Comentários poéticos a propósito de um livro que é assim, um acontecimento

 

 

O corpo ainda quase não. O vento de Palermo sopra na direção da. Ou, o romance, a novela que não inicia, que permanece suspensa por uma sucessão de prólogos (coisa de Macedonio Fernández). O gesto que prende a arte pelo meio, que promove uma cena cotidiana onde (quase) (nada) acontece a palavra, aí assim, meio que de um tempo parado, o relato, o verso passa e fixa-se na página; a frase ancora seu casco e o texto baloiça esperando tripulante. “O homem neste momento/ rompe o deserto que chama de mar/...depois de léguas percorridas/ resta um rastro de memória/ um acontecimento”.

Como em uma onda já está movimento, o acontecimento é fixado em um quadrante, em um retrato, em um poema, quebra na página. Há um filósofo moderno que dizia de sua filosofia um acontecimento semelhante ao dos esportes que se iniciam pelo meio, como surfe, o voo ou a canoagem. Os fluxos já em andamento, sem necessidade de ponto final, tampouco de cena pronta, acabada. Algo como acontece naquele texto de Clarice Lispector em que encontramos GH já procurando algo, “––––estou procurando, estou procurando.”. Poemas, narrativas muitas são cenas em movimento cuja partida ignoramos. Que importa?

O corpo é um acontecimento. Um corpo em movimento é, portanto, uma miríade de acontecimentos possíveis, pois haverão os choques materiais e imateriais; experiência e memória. Mas, ainda assim (estamos cá falando de literatura) como escreveu Alain Robbe-Grillet a respeito de Raymond Roussel, “para além do que [ele] descreve, não há nada, nada do que é hábito chamar-se uma mensagem”; assim um acontecimento não necessita carregar em seu porão, uma mensagem, pois o poeta poderá dizer “os meus dedos marionetes se esforçam, muito, mas não conseguem dizer nada; gaguejam, gaguejam, gaguejam. É a gagueira que escuto. E no calor deste acontecimento aqui, ou de outro, eu [por mera distração] me divirto com o vento gelado que bate na sola dos pés.” O aqui é a pluralidade ou a disseminação do lugar. A possibilidade de gaguejar a escrita ao invés da fala, é a escrita a própria topologia, nela as coordenadas para encontrar o barco no imenso oceano.
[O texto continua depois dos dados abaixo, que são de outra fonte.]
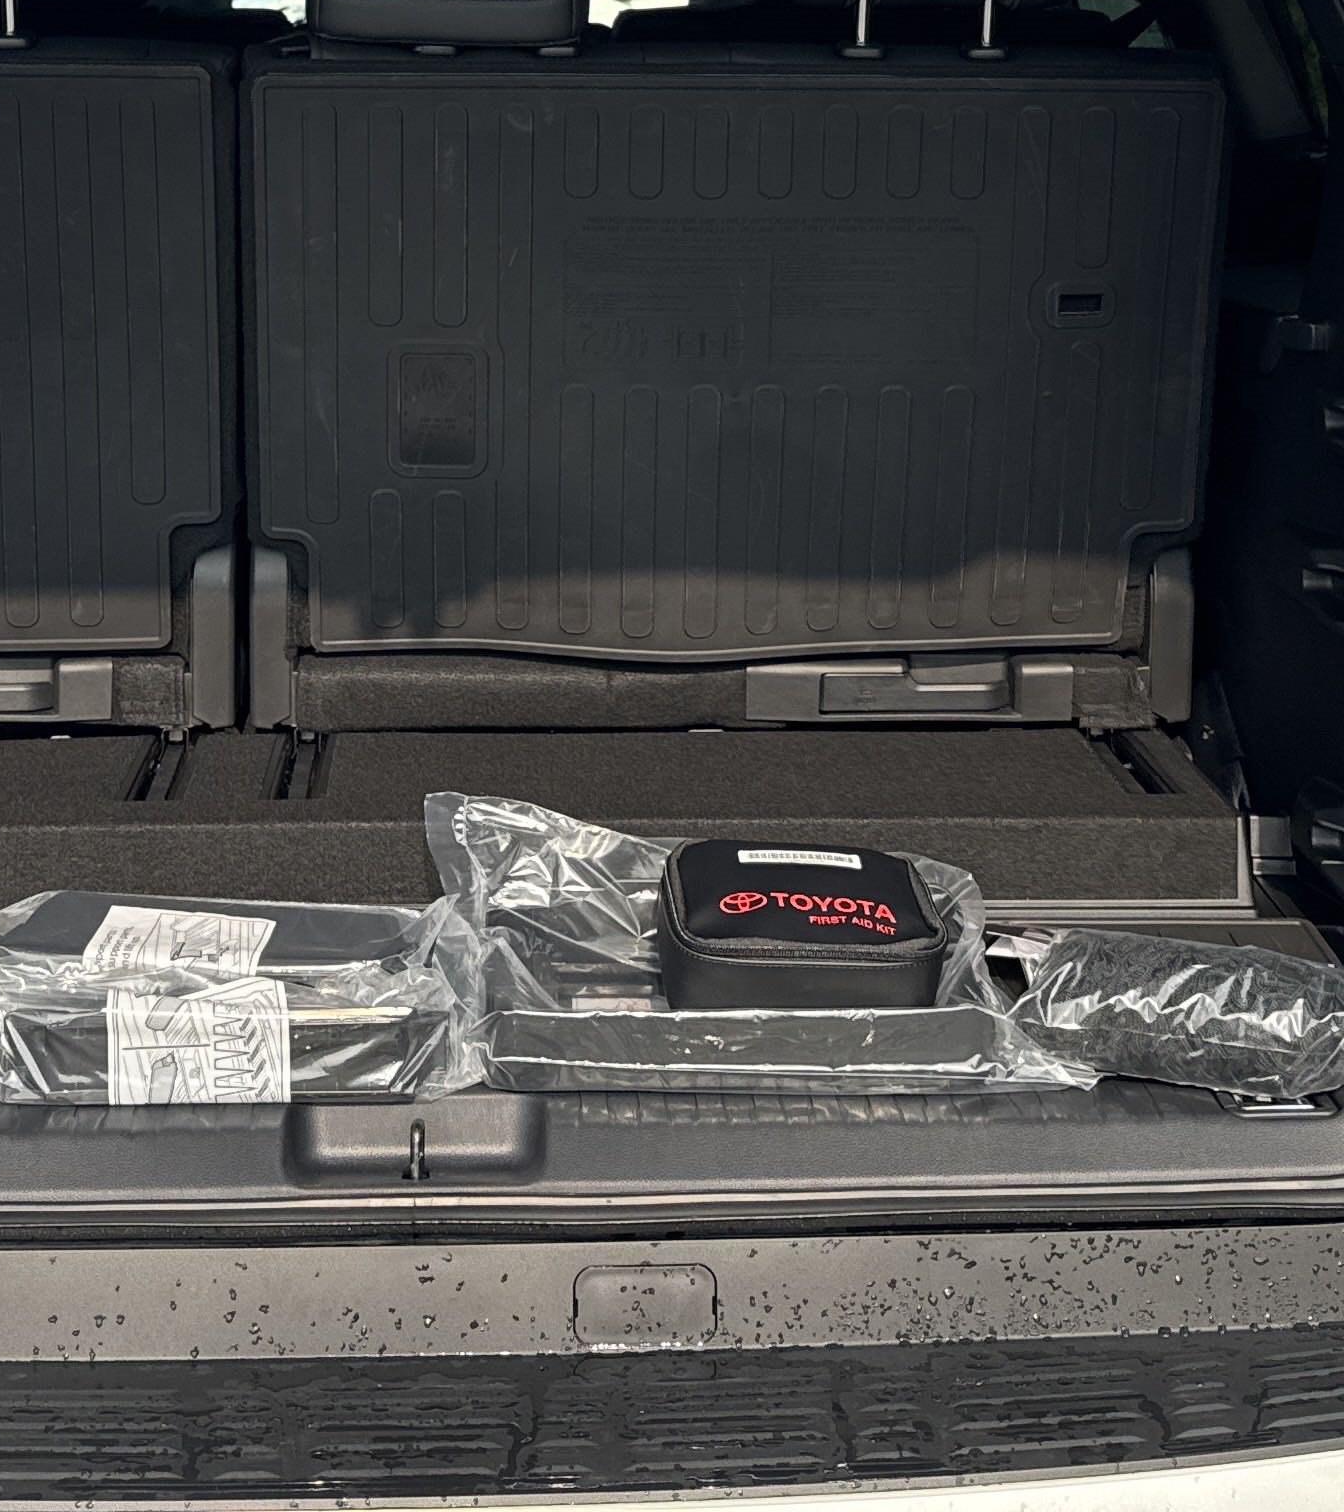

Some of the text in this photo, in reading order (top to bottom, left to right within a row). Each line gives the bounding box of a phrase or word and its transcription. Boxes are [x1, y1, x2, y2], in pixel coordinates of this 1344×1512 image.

[770, 892, 897, 923] TOYOTA
[808, 915, 897, 935] FIRST AID KIT
Sei, ainda não fiz referência aos textos citados. Talvez não o faça, pois o que importa aqui é o acontecimento, não quem (mas o quê) o produziu, pois é na linguagem que os encontramos, assim como os acidentes que possivelmente acontecerão, quando. Não choraremos, pois, se não soubermos a mão que traçou esta rota de acidentes. Ao ler o livro que contém estes poemas saberemos que “o homem seca o suor do rosto/ no braço/ futrica uma das feridas/ assoa o nariz/ olha ao seu redor/ não encontra nada// o tablado do homem parece um/ deserto/ tudo é árido, inóspito,/ ermo, desabitado/ amnésico.” Gago, esquecido de si mesmo como um homem há dias nomar à deriva, com escorbuto, torpe. Esquecido como Molloy de Samuel Beckett, como o narrador de A rainha dos cárceres da Grécia de Osman Lins. Ainda assim não teremos acesso ao homem que escreve, ao sujeito. Temos, pois, o acontecimento da mimesis não como representação, imitação, ilustração, mas como produtora de acontecimentos. Não, não disse de quem são os poemas. Não direi. Não aqui.
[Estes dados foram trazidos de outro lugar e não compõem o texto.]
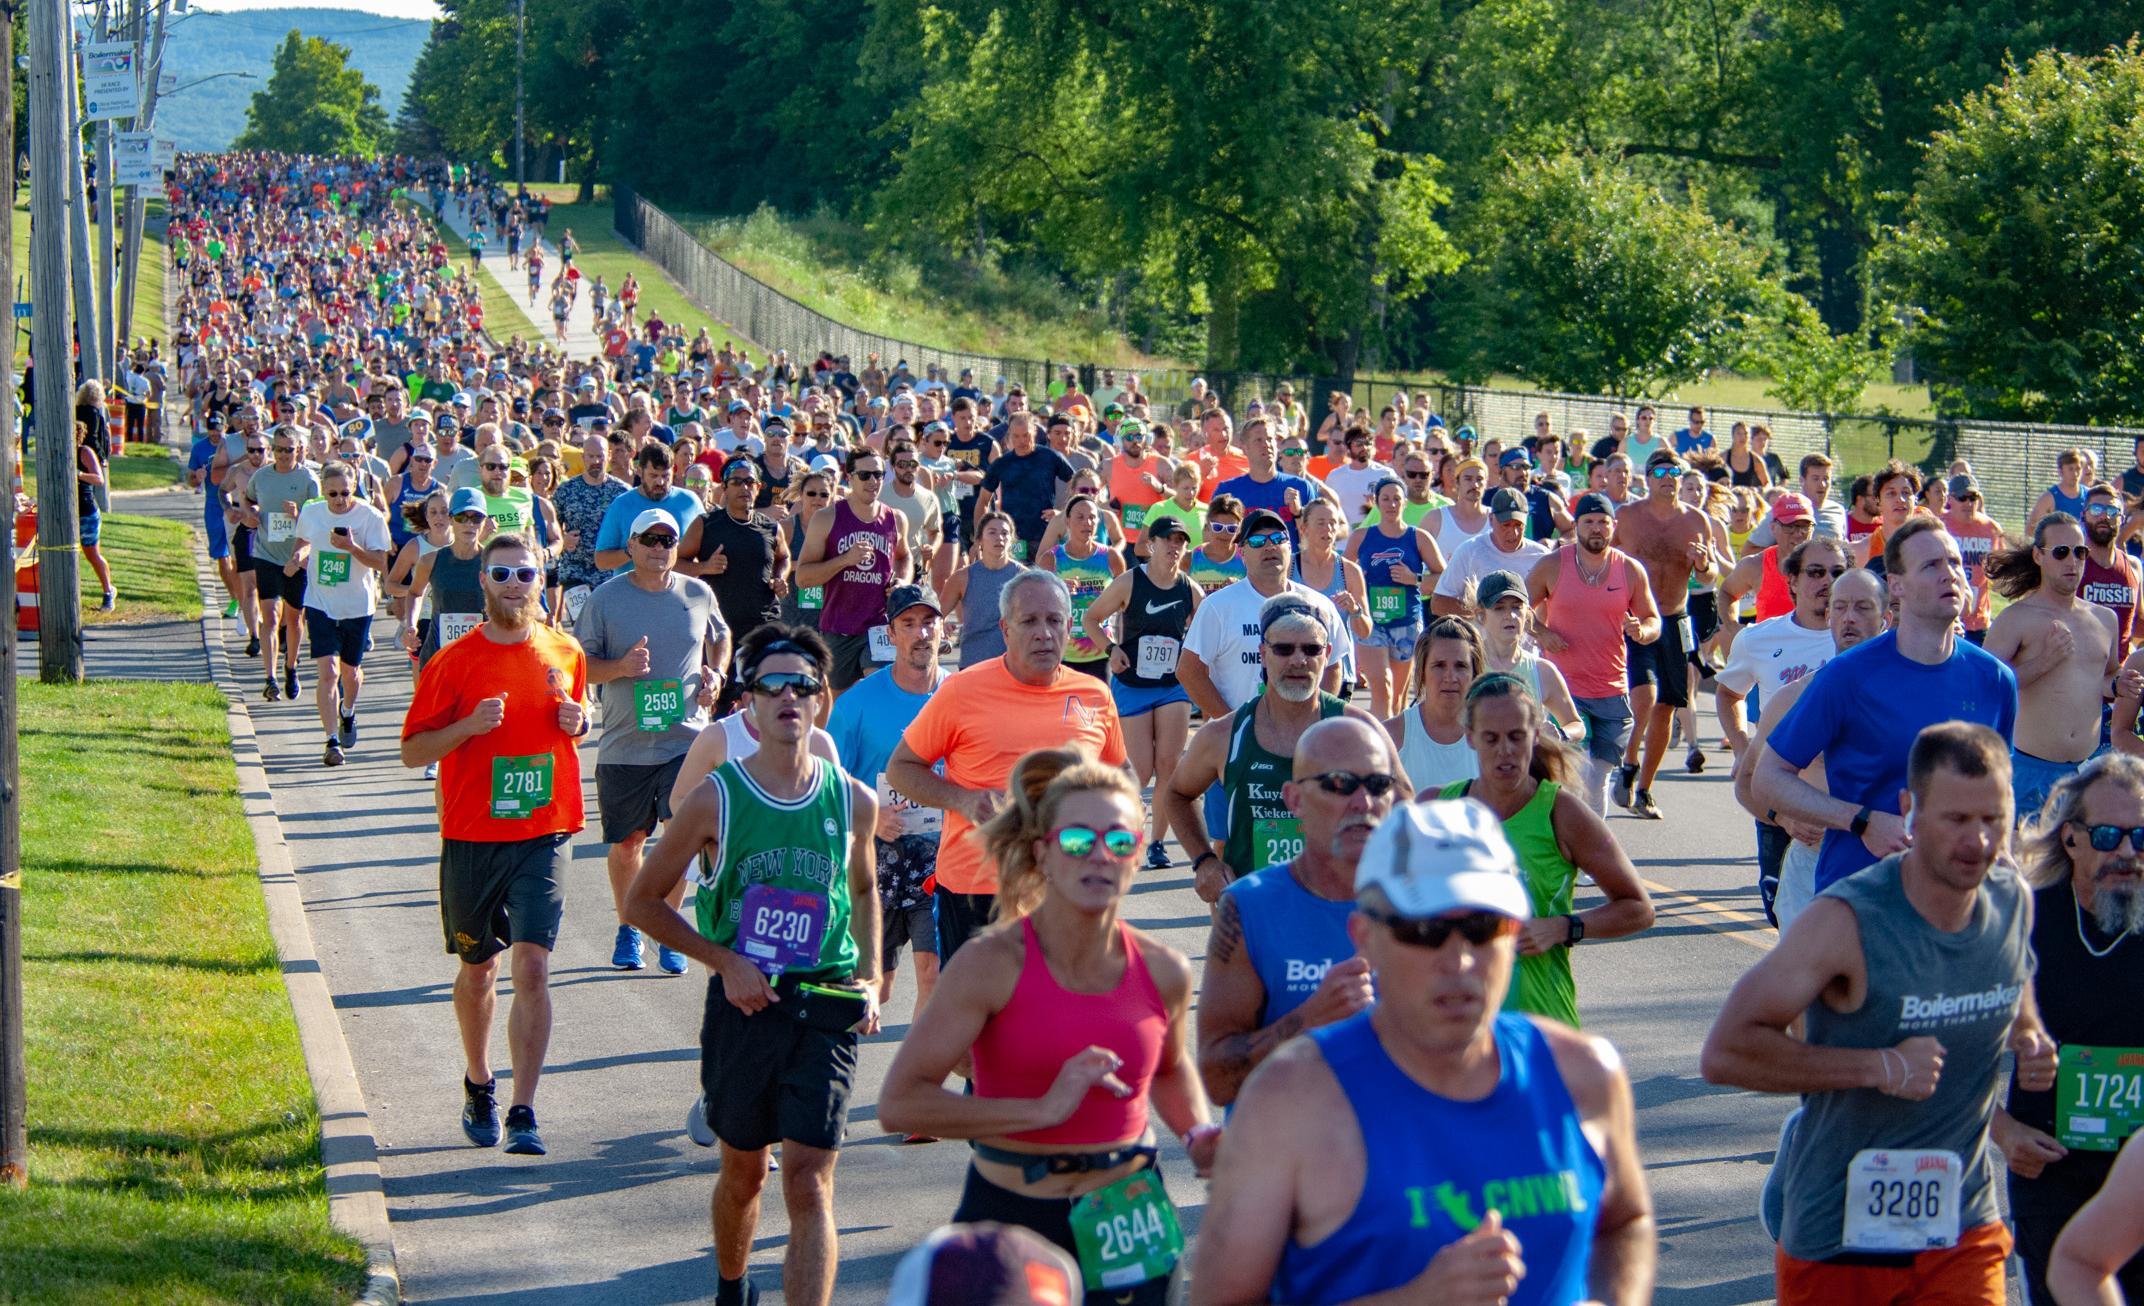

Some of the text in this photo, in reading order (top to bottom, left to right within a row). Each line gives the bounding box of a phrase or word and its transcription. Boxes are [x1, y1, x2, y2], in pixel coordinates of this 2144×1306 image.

O livro é composto por 10 atos, numerados de zero (abre) a 10 (fecha). São sequências cotidianas, como as do diretor Abbas Kiarostami. As sequências são circundadas por outras em um emaranhado de cenas que compõem uma espécie de teia ou uma navegação de cabotagem. Com uma agulha (da bússola) de crochê pode-se puxá-la em qualquer ponto. Também pode ser ouvido (não olvidado) o livro como um pequeno concerto nem barroco, nem carioca, mas um concerto ilhéu. Não da Ilha da Madeira, mas da Ilha da Memória (Waly Salomão foi quem escreveu que a memória é uma ilha de edição). Pois que em uma ilha muitas coisas acontecem sem serem vistas, não quer dizer que não aconteçam, sabemos disso. Mas é isso uma escritura “ou alguma desmedida de felicidade”; uma tentativa vã de fixar o barco, mas a corrente o leva, não se encontra o ponto final, a epígrafe está entre reticências, tudo pelo meio, a vida assim, pelo meio, uma cesura, um sulco. Mas é isso um acontecimento...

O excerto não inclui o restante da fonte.